§ TASK OBJECTIVE
I'd like the entries repeated exactly, without their pictures.
◇ ◇ ◇ ◇ ◇ ◇ ◇
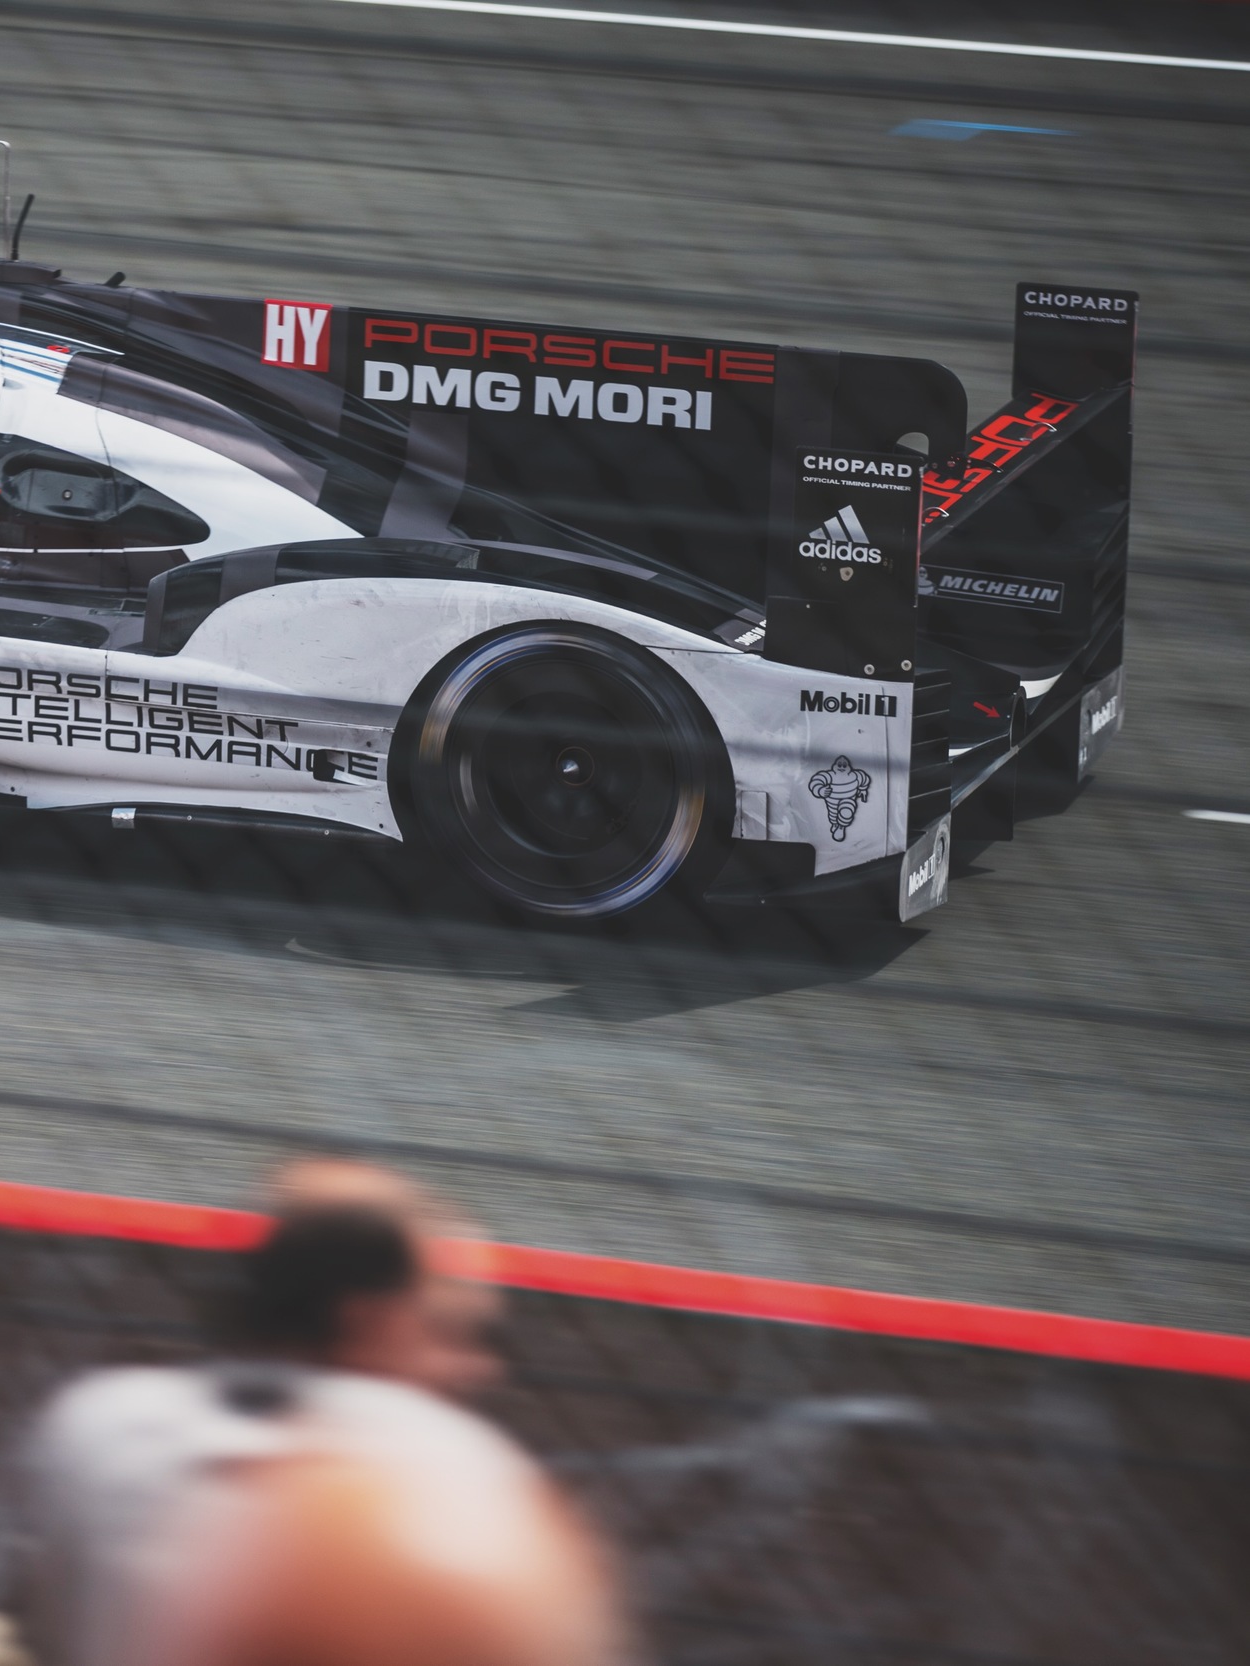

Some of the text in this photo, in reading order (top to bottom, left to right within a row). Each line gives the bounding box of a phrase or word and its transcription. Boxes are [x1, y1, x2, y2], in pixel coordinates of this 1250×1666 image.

[1024, 291, 1128, 312] CHOPARD
[263, 303, 329, 367] HY
[364, 318, 775, 384] PORSCHE
[363, 360, 713, 431] DMG MORI
[803, 455, 913, 478] CHOPARD
[802, 476, 912, 492] OFFICIAL TIMING PARTNER
[798, 539, 882, 564] adidas
[939, 575, 1059, 601] MICHELIN
[800, 689, 871, 716] Mobil
◇ ◇ ◇ ◇ ◇ ◇ ◇
§ RESULT
Some of the text in this photo, in reading order (top to bottom, left to right within a row). Each line gives the bounding box of a phrase or word and its transcription. Boxes are [x1, y1, x2, y2], in pixel coordinates of this 1250×1666 image.

[1024, 291, 1128, 312] CHOPARD
[263, 303, 329, 367] HY
[364, 318, 775, 384] PORSCHE
[363, 360, 713, 431] DMG MORI
[803, 455, 913, 478] CHOPARD
[802, 476, 912, 492] OFFICIAL TIMING PARTNER
[798, 539, 882, 564] adidas
[939, 575, 1059, 601] MICHELIN
[800, 689, 871, 716] Mobil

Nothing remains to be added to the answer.